═══ MATERIAL SHOWN ═══

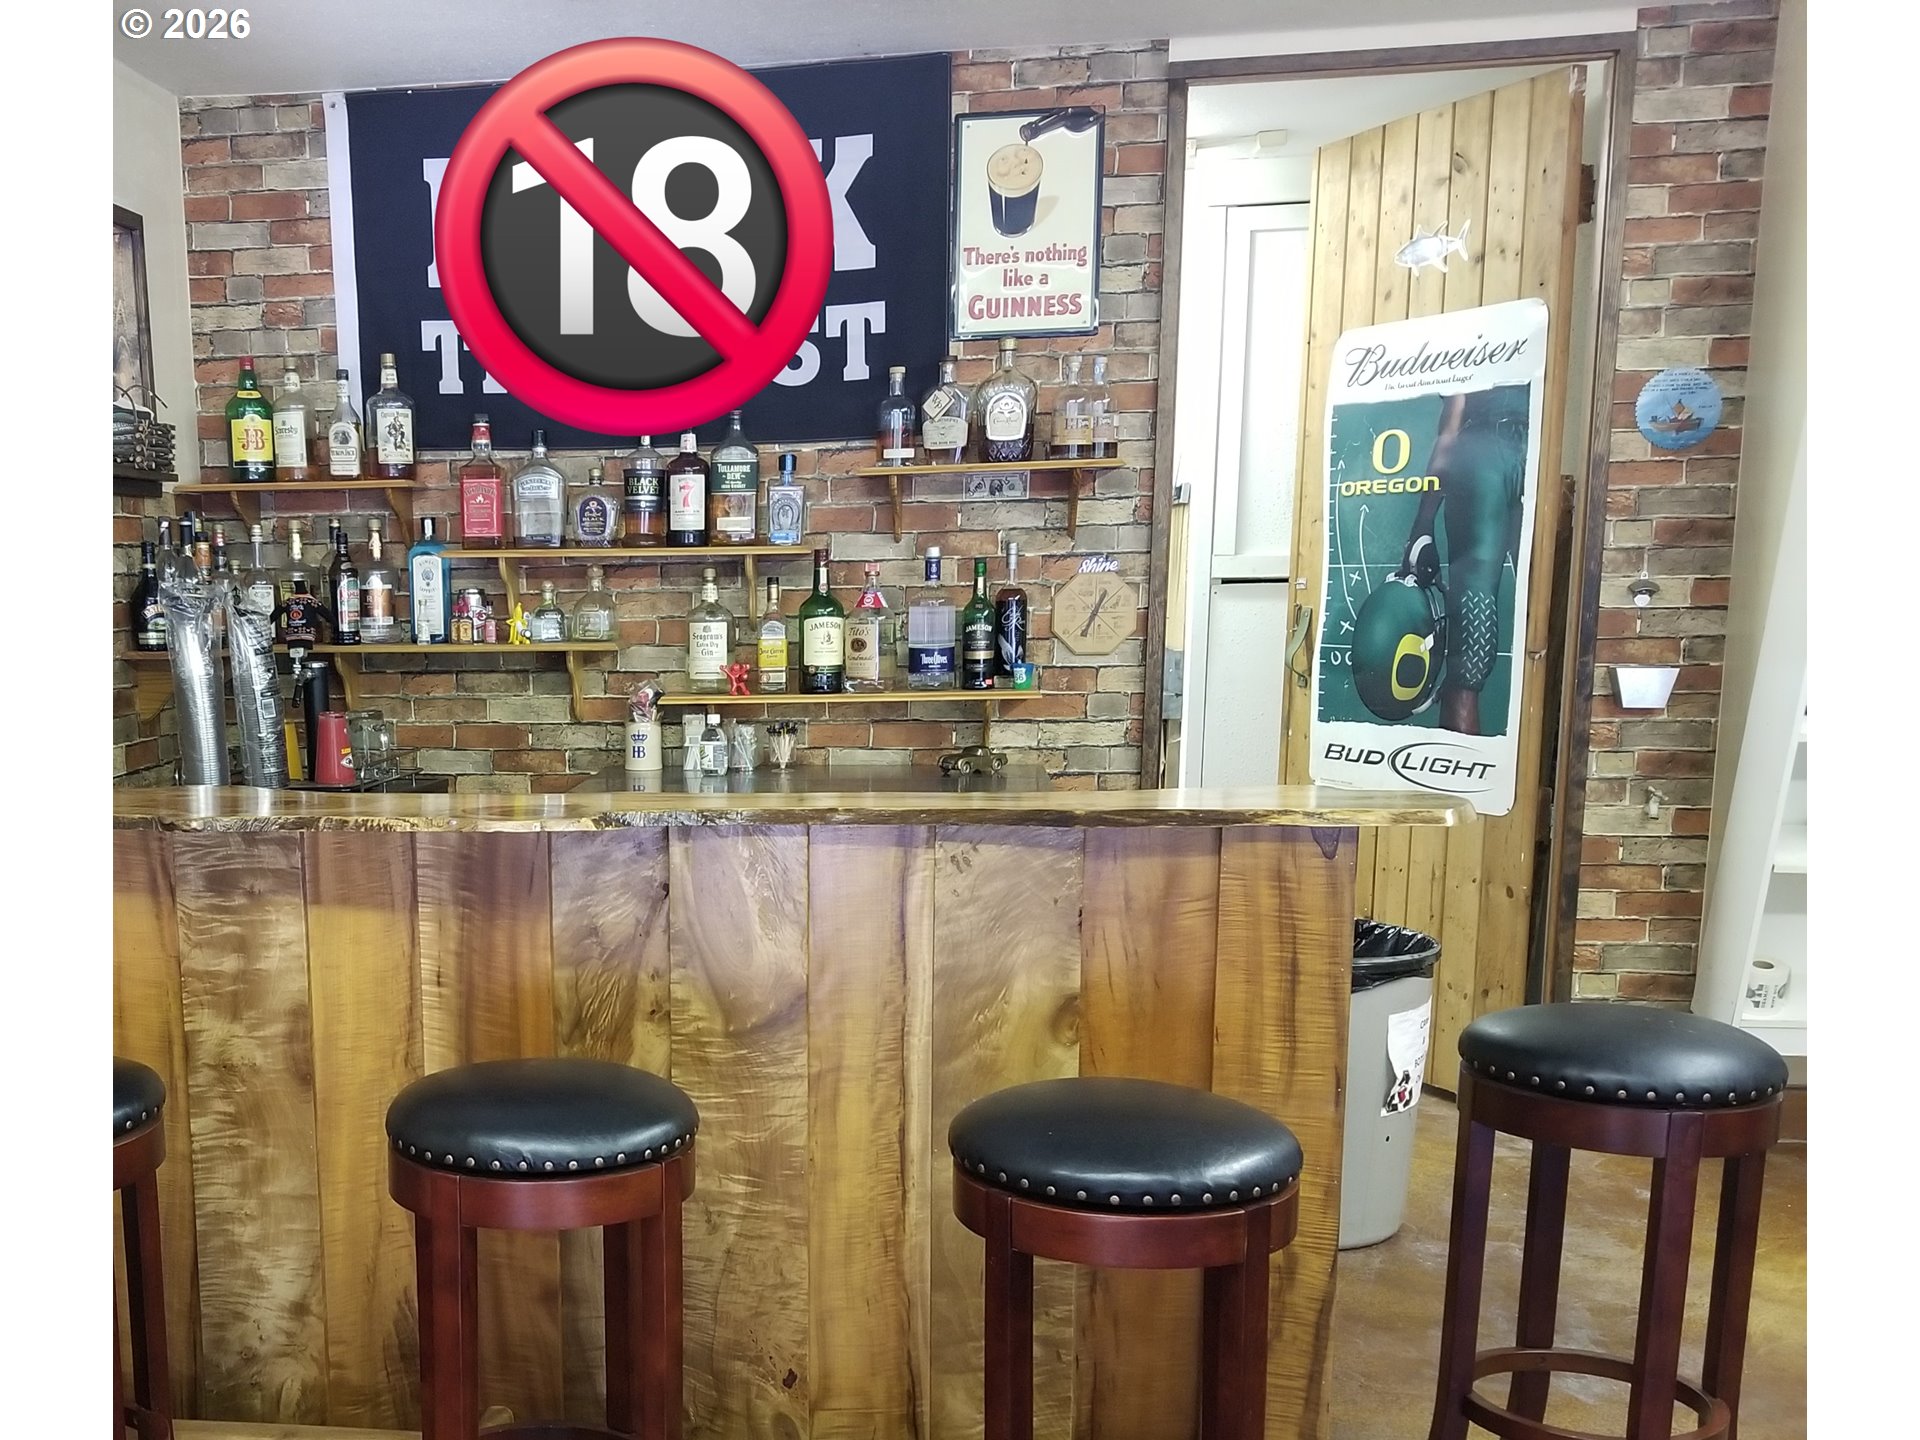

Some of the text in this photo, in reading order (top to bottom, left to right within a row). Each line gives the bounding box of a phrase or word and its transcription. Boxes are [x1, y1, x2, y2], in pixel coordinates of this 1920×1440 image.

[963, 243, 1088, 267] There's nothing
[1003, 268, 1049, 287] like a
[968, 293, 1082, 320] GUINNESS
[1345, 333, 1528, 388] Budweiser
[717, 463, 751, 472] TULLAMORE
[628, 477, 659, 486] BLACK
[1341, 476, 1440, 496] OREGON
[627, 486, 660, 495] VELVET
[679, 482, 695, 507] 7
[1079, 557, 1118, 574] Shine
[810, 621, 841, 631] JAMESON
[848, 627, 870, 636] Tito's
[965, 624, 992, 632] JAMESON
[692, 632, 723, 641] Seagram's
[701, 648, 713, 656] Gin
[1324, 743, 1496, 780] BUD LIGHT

═══

PROMPT: All lines above are to be restated word for word, with pictures excluded.

ANSWER TO THIS TASK:
Some of the text in this photo, in reading order (top to bottom, left to right within a row). Each line gives the bounding box of a phrase or word and its transcription. Boxes are [x1, y1, x2, y2], in pixel coordinates of this 1920×1440 image.

[963, 243, 1088, 267] There's nothing
[1003, 268, 1049, 287] like a
[968, 293, 1082, 320] GUINNESS
[1345, 333, 1528, 388] Budweiser
[717, 463, 751, 472] TULLAMORE
[628, 477, 659, 486] BLACK
[1341, 476, 1440, 496] OREGON
[627, 486, 660, 495] VELVET
[679, 482, 695, 507] 7
[1079, 557, 1118, 574] Shine
[810, 621, 841, 631] JAMESON
[848, 627, 870, 636] Tito's
[965, 624, 992, 632] JAMESON
[692, 632, 723, 641] Seagram's
[701, 648, 713, 656] Gin
[1324, 743, 1496, 780] BUD LIGHT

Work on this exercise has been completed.